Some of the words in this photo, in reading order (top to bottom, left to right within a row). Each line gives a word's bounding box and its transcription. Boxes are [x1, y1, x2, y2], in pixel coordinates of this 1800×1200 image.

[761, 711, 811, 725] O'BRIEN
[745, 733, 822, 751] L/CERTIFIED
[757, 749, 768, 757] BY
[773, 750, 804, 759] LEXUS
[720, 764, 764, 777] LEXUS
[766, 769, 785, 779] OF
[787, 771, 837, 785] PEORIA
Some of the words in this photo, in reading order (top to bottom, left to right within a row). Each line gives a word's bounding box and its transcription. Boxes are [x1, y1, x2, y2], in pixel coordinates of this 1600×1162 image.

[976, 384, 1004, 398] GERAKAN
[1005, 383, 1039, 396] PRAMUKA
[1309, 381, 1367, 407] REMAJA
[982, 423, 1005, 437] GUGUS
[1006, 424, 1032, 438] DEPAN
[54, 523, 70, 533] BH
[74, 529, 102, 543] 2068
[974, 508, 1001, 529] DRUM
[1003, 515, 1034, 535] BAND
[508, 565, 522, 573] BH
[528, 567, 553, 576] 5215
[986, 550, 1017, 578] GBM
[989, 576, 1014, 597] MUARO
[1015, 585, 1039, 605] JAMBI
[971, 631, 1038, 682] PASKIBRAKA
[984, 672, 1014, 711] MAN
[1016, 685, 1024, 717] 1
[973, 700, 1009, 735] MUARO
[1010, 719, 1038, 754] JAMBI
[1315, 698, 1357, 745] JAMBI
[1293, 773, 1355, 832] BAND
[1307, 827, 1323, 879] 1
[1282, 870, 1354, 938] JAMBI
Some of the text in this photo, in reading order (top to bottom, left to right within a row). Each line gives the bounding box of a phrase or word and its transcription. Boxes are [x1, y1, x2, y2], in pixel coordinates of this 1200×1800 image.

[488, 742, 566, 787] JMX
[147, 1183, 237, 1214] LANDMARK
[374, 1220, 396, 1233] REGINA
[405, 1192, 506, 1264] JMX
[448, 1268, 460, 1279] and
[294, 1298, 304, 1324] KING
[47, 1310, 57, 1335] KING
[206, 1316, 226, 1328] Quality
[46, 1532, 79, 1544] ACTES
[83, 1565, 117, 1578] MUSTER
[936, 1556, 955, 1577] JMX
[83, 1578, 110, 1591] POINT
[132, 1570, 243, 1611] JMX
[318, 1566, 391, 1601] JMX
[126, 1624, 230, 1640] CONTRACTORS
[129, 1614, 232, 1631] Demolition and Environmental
::::::::
_HOW TO COMPLETE THIS TASK:_
Every word of the data above should be given again, exactly as it stands.

_EXPECTED ANSWER:_
Some of the words in this photo, in reading order (top to bottom, left to right within a row). Each line gives a word's bounding box and its transcription. Boxes are [x1, y1, x2, y2], in pixel coordinates of this 1800×1200 image.

[761, 711, 811, 725] O'BRIEN
[745, 733, 822, 751] L/CERTIFIED
[757, 749, 768, 757] BY
[773, 750, 804, 759] LEXUS
[720, 764, 764, 777] LEXUS
[766, 769, 785, 779] OF
[787, 771, 837, 785] PEORIA
Some of the words in this photo, in reading order (top to bottom, left to right within a row). Each line gives a word's bounding box and its transcription. Boxes are [x1, y1, x2, y2], in pixel coordinates of this 1600×1162 image.

[976, 384, 1004, 398] GERAKAN
[1005, 383, 1039, 396] PRAMUKA
[1309, 381, 1367, 407] REMAJA
[982, 423, 1005, 437] GUGUS
[1006, 424, 1032, 438] DEPAN
[54, 523, 70, 533] BH
[74, 529, 102, 543] 2068
[974, 508, 1001, 529] DRUM
[1003, 515, 1034, 535] BAND
[508, 565, 522, 573] BH
[528, 567, 553, 576] 5215
[986, 550, 1017, 578] GBM
[989, 576, 1014, 597] MUARO
[1015, 585, 1039, 605] JAMBI
[971, 631, 1038, 682] PASKIBRAKA
[984, 672, 1014, 711] MAN
[1016, 685, 1024, 717] 1
[973, 700, 1009, 735] MUARO
[1010, 719, 1038, 754] JAMBI
[1315, 698, 1357, 745] JAMBI
[1293, 773, 1355, 832] BAND
[1307, 827, 1323, 879] 1
[1282, 870, 1354, 938] JAMBI
Some of the text in this photo, in reading order (top to bottom, left to right within a row). Each line gives the bounding box of a phrase or word and its transcription. Boxes are [x1, y1, x2, y2], in pixel coordinates of this 1200×1800 image.

[488, 742, 566, 787] JMX
[147, 1183, 237, 1214] LANDMARK
[374, 1220, 396, 1233] REGINA
[405, 1192, 506, 1264] JMX
[448, 1268, 460, 1279] and
[294, 1298, 304, 1324] KING
[47, 1310, 57, 1335] KING
[206, 1316, 226, 1328] Quality
[46, 1532, 79, 1544] ACTES
[83, 1565, 117, 1578] MUSTER
[936, 1556, 955, 1577] JMX
[83, 1578, 110, 1591] POINT
[132, 1570, 243, 1611] JMX
[318, 1566, 391, 1601] JMX
[126, 1624, 230, 1640] CONTRACTORS
[129, 1614, 232, 1631] Demolition and Environmental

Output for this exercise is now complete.